Author: Harry Watt Date Posted:19 January 2021
Chances are you’ve seen a bunch of different markings on the ground with different colours and symbols but haven't taken the time to stop and think about what they actually mean.
Site workers, managers and engineers needed a way to tell where utilities were located beneath the surface of the ground and what they were. Thanks to the Australian colour coding system for utilities and pipe and cable locating, they got one. Universal colour coding for site surveying, spot and line marking have become the Australian standard, providing a fool-proof method to avoid damaging unseen utilities.
What's the difference? Line marking is your permanent markings used for car parks and roads. Spot paint however is applied mostly by hand or with an applicator gun specifically designed for upside down use. The formulation of spot paint works a treat on a variety of surfaces like dirt, bitumen and even grass, especially if high quality.
Before starting any job involving excavating in an unknown area, check out this best practice guide from Dial Before You Dig. When it comes to locating underground infrastructure, make sure to use the correct colour and note the size of what's below, along with any important measurements that may be relevant to the excavation.
Take a look at the Australian standard paint colours for utilities:
Orange is the colour for electrical equipment. Orange can indicate the subterranean presence of power lines, cables, conduits, transformers, or even lightning cables.
Yellow is the identifier for natural gas, petroleum, or steam. It’s the colour for urgency and caution. Anyone who’s tapped into a gas line and lived to tell the tale knows the value of accurate markings for gas lines. Oil and steam can be almost as problematic.
White indicates communications. This could include cable TV, phone systems, alarm wiring, fibre optics, or conduits intended to carry signals rather than power. With our modern reliance on telecommunications, it’s wise to be careful when digging around orange markings.
Green, Purple and Blue all indicate water of different types and varieties. it is commonplace for recycled water, potable water, and stormwater all to have separate underground infrastructure. Identifying and avoiding these during excavation is crucial.
Multi- coloured markings are generally found in more suburban areas, where there is a high density of underground utilities and therefore a greater importance for clarity among excavators. No one wants to damage the wrong pipe or cable, like this bloke did...
While colours alone specify what exactly lies below the surface, they are not the only part of the equation. Symbols are an essential part in helping identify widths, depths, locations and basically anything to help 'paint' a picture for anyone wanting to excavate.

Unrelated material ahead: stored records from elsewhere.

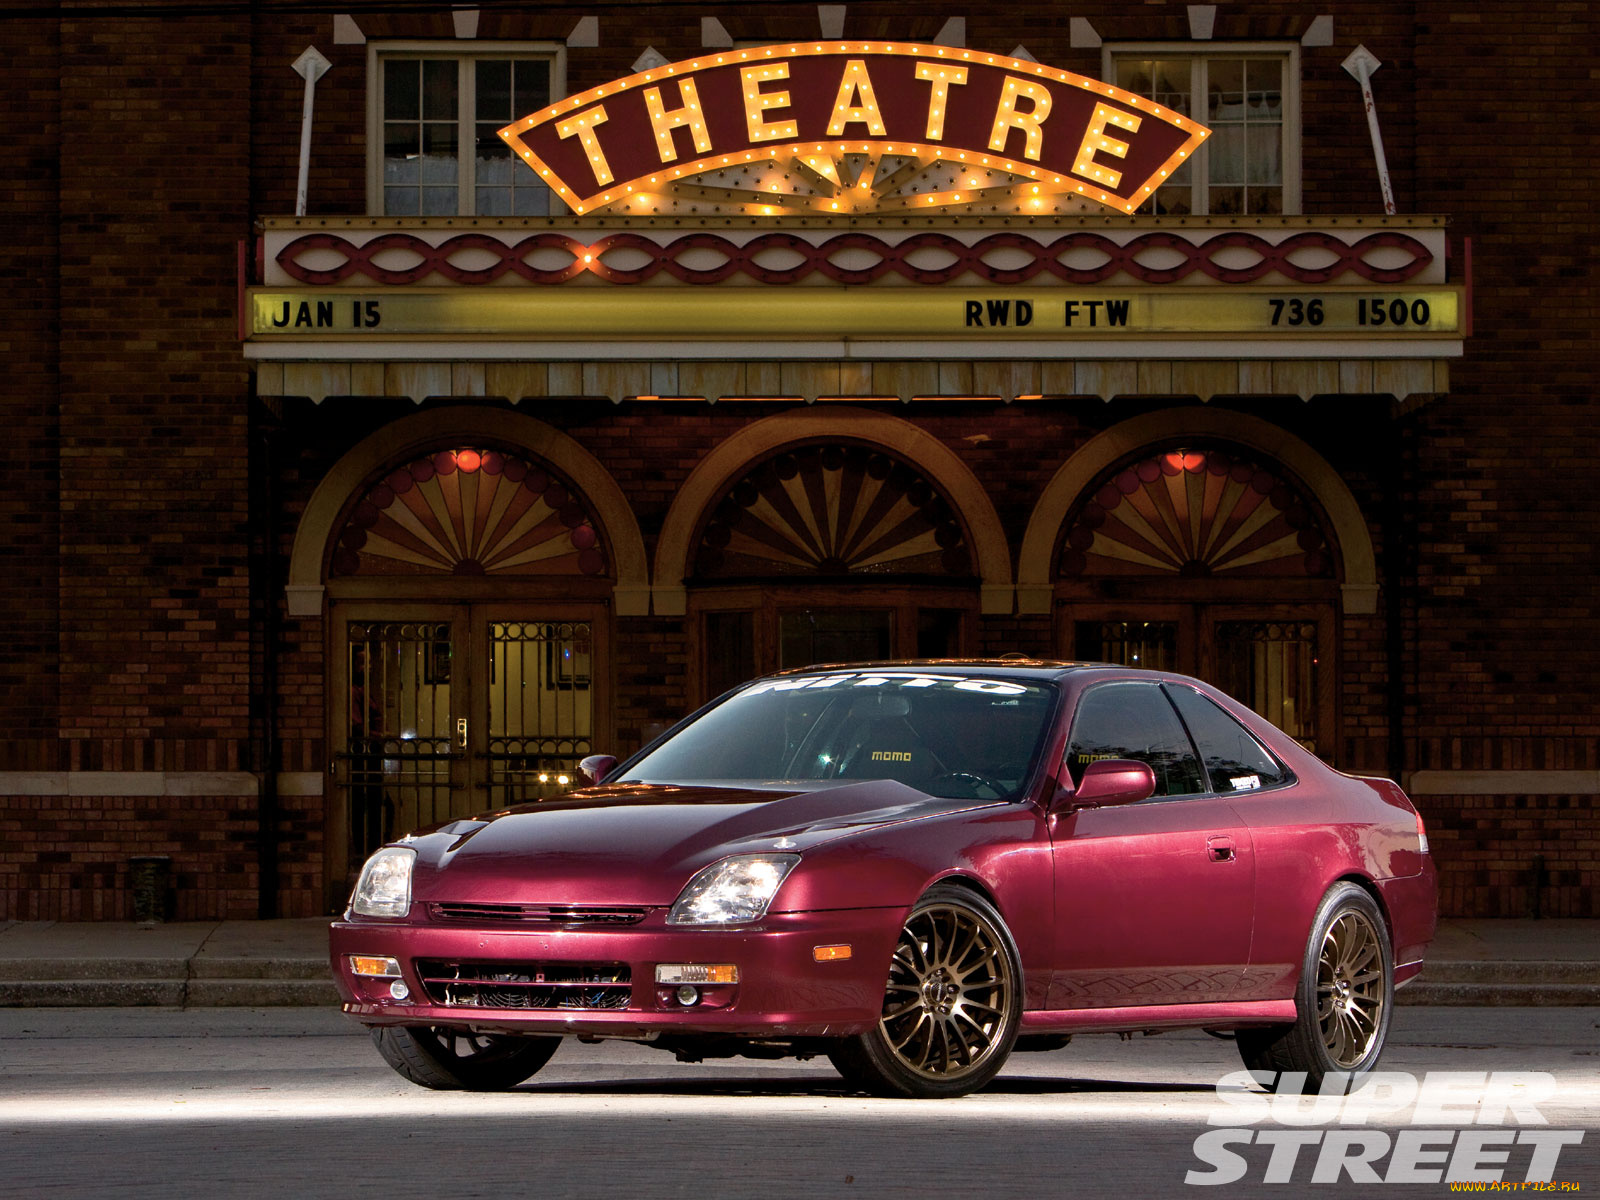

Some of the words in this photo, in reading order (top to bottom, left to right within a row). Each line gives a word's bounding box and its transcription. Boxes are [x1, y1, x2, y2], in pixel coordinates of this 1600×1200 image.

[555, 60, 1142, 190] THEATRE
[273, 301, 333, 328] JAN
[353, 301, 381, 328] 15
[966, 300, 1033, 327] RWD
[1065, 300, 1129, 327] FTW
[1269, 299, 1325, 326] 736
[1358, 299, 1430, 326] 1500

Symbols let the locator contractor, excavation operator, surveyor and everyone in-between have a clear picture of what's below the ground. Basically, there are four classes. QL-(A) sighted, QL-(B) traced, QL-(C) aligned from surface features, QL-(D) any other method.
Thanks to organisations like Dial before you Dig and the National Utility Locating Contractors Association (NULCA), we have a standard that is truly Australian, without any replication of standards used by the United States.
So next time you spot these weird little markings, see if you can figure out what they mean. Definitely do not use your new-found knowledge of spot paint markings to pick up the local bartender - but at least it’s something to think about…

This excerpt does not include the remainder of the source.